What you are asked to do
The answer should be a faithful retyping of the records that follow, pictures excluded.
-*-*-
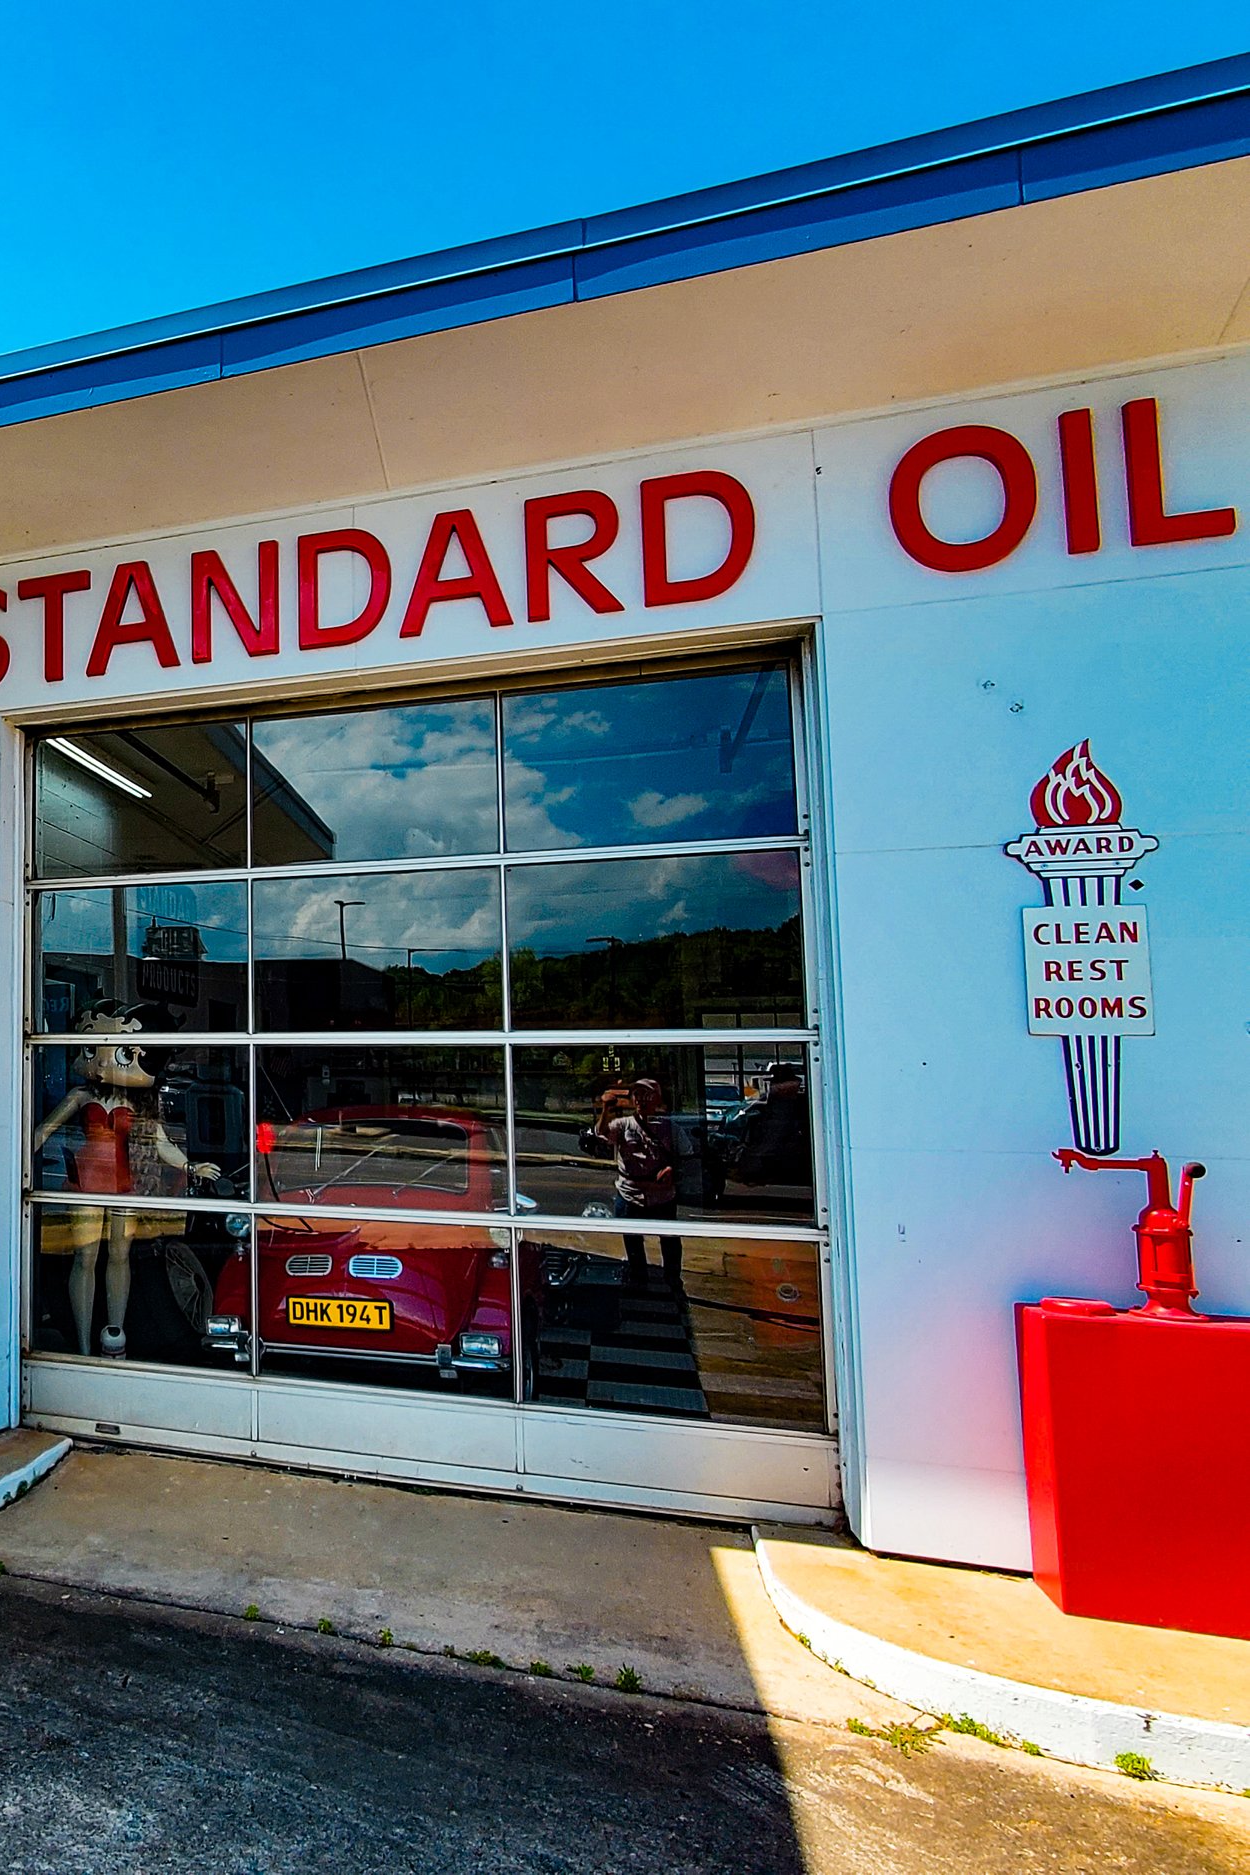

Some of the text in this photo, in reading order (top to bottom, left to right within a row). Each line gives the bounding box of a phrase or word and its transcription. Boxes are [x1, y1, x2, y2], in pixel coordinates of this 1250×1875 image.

[888, 397, 1238, 574] OIL
[1023, 835, 1135, 858] AWARD
[1033, 921, 1139, 945] CLEAN
[141, 961, 197, 997] PRODUCTS
[1044, 959, 1129, 982] REST
[1034, 996, 1147, 1019] ROOMS
[292, 1301, 332, 1323] DHK
-*-*-
Exercise response
Some of the text in this photo, in reading order (top to bottom, left to right within a row). Each line gives the bounding box of a phrase or word and its transcription. Boxes are [x1, y1, x2, y2], in pixel coordinates of this 1250×1875 image.

[888, 397, 1238, 574] OIL
[1023, 835, 1135, 858] AWARD
[1033, 921, 1139, 945] CLEAN
[141, 961, 197, 997] PRODUCTS
[1044, 959, 1129, 982] REST
[1034, 996, 1147, 1019] ROOMS
[292, 1301, 332, 1323] DHK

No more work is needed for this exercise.